Blue Valley
Blue Valley (2021) solo exhibition at Sto Lat Gallery in New York City
“[...] Blue Valley is
assuming the syntax of children’s television: permanently blue skies, instructional acrobatics, and plastic props. The artist appears, performing as a clock, while in another screen, a set of dice continuously roll and re-roll. In a third screen, a prosthetic arm sits still, dressed with a plastic wrist watch, the tiny hands of the clock acting as the only signal that time is moving.

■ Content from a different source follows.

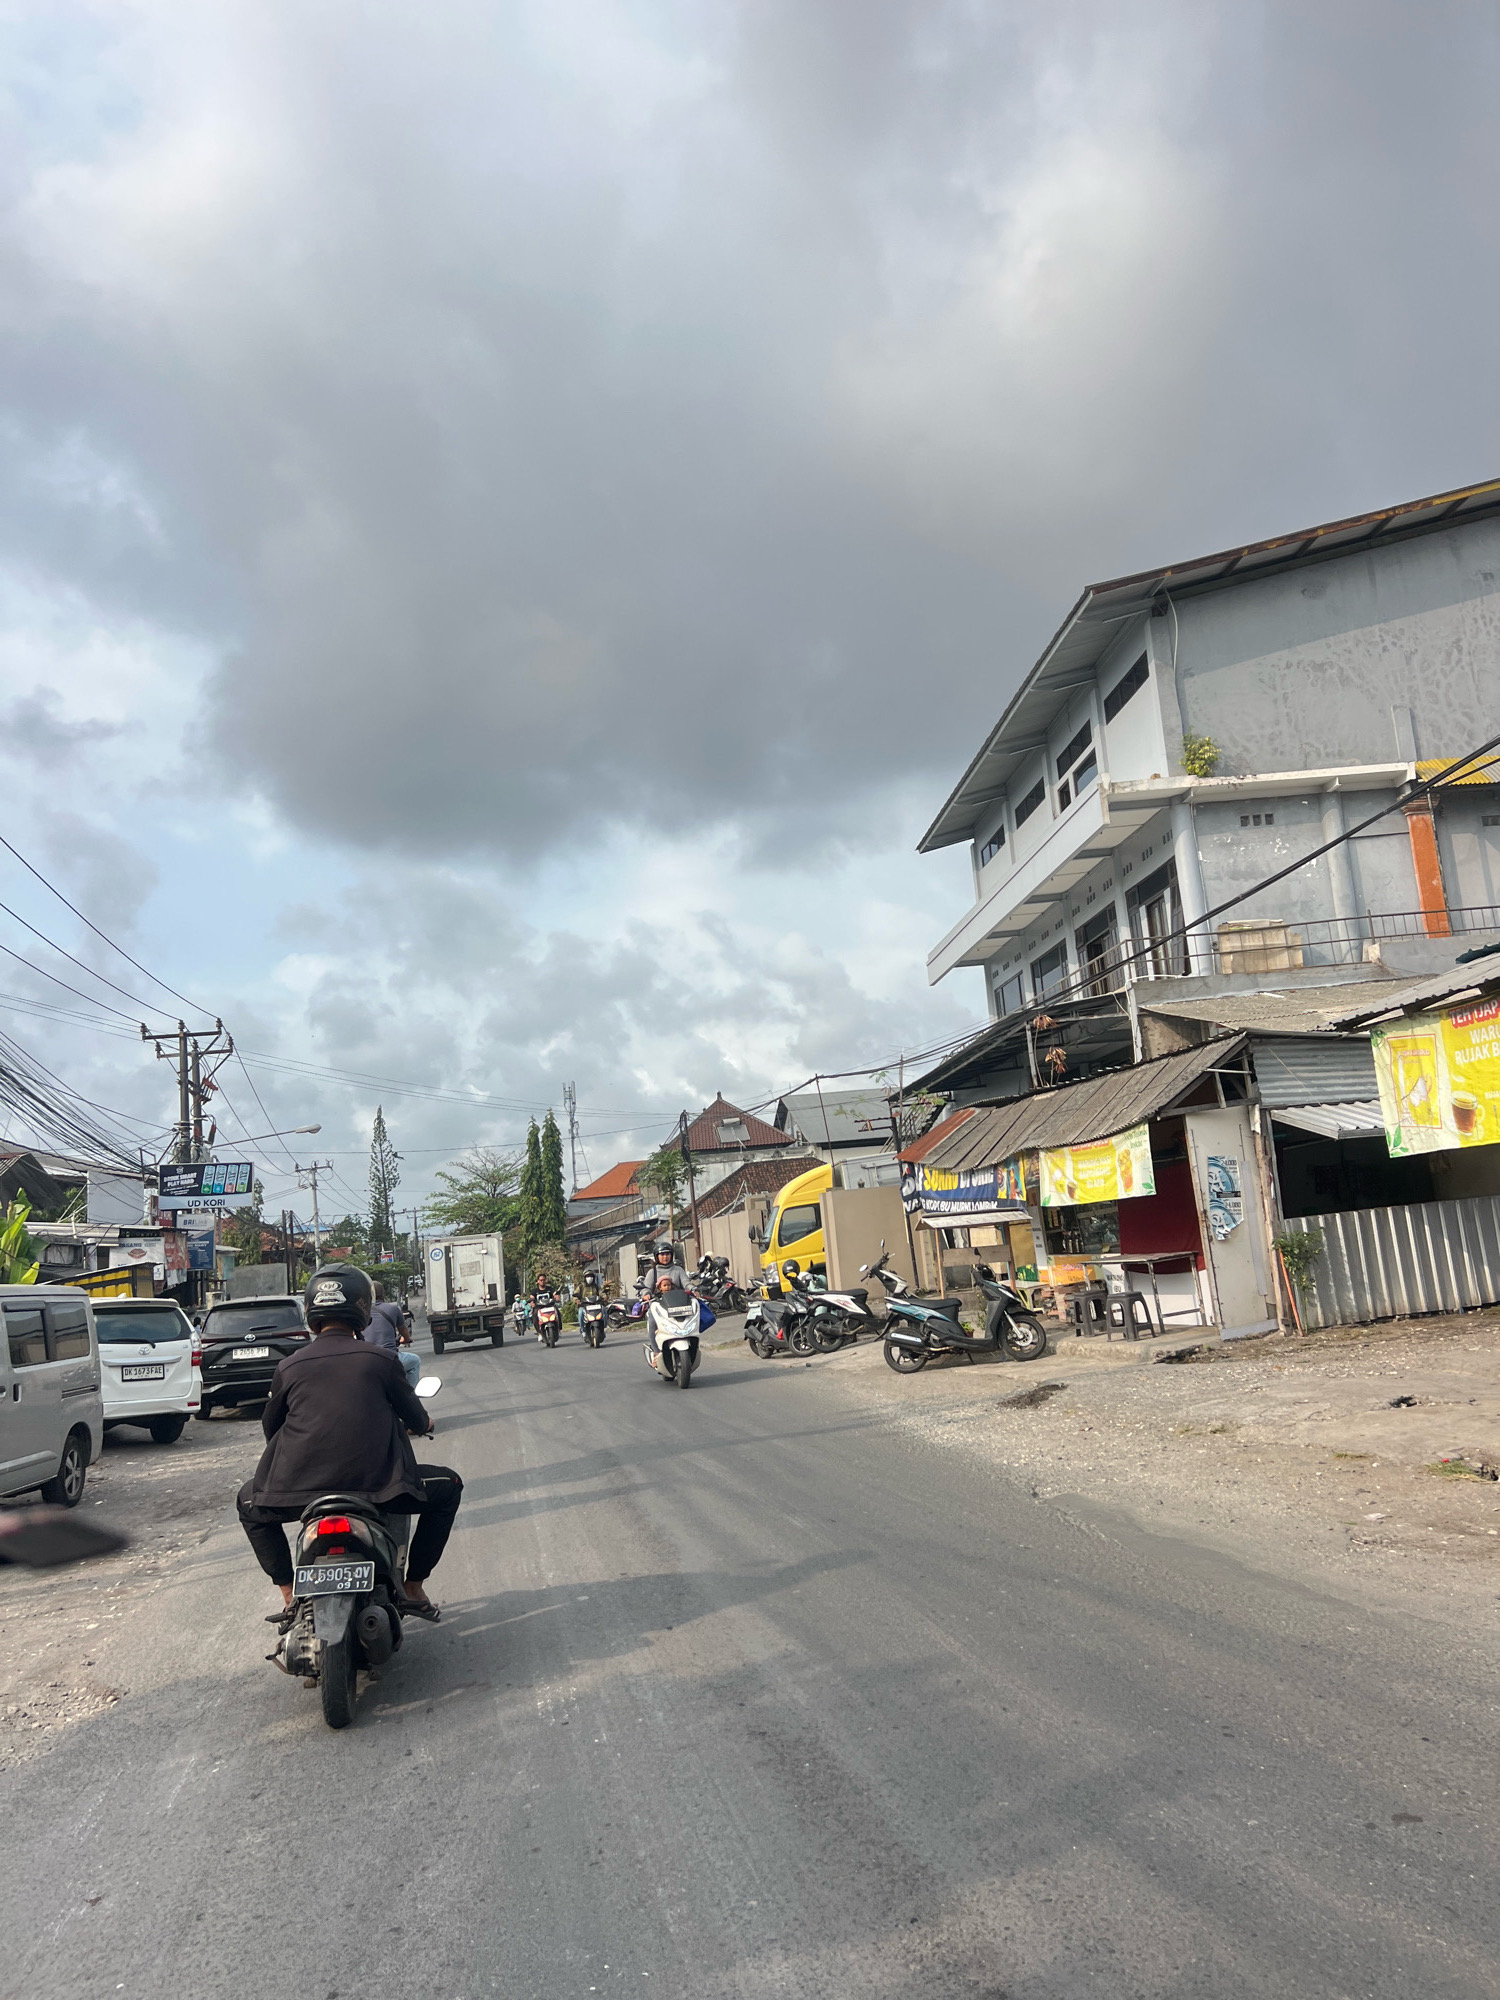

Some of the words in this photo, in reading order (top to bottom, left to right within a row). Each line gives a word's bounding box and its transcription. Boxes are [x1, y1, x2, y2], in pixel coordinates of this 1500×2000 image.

Markiewicz’s process is personal and research driven. Born missing an upper left limb, the artist only began to identify as a disabled person at the age of twenty-six due to her ability to, as she describes, “pass as able-bodied...with the right clothes, choreography and prosthesis.” Her experiences of ableism, and of performing in order to pass as able bodied, often inform her subjects. The work in Blue Valley was catalyzed by the public outcry in 2009 following the BBC’s decision to cast Cerrie Burnell, who was born with her right arm ending slightly below the elbow, as a children’s television presenter. When she appeared without a prosthetic limb on air, parents across Britain complained that her appearance would frighten their children. Burnell would go on to work with BBC for nearly a decade with the support of multiple disability groups, however the controversy illustrates an irony that Markiewicz zeros in on. At some point, the artist writes, disability “will affect most of us, either temporarily or in old age. However, it is an aspect of humanity that we deny from our imaginarium. Instead, we value efficiency, independence, strength, health and beauty—according to very precise standards.”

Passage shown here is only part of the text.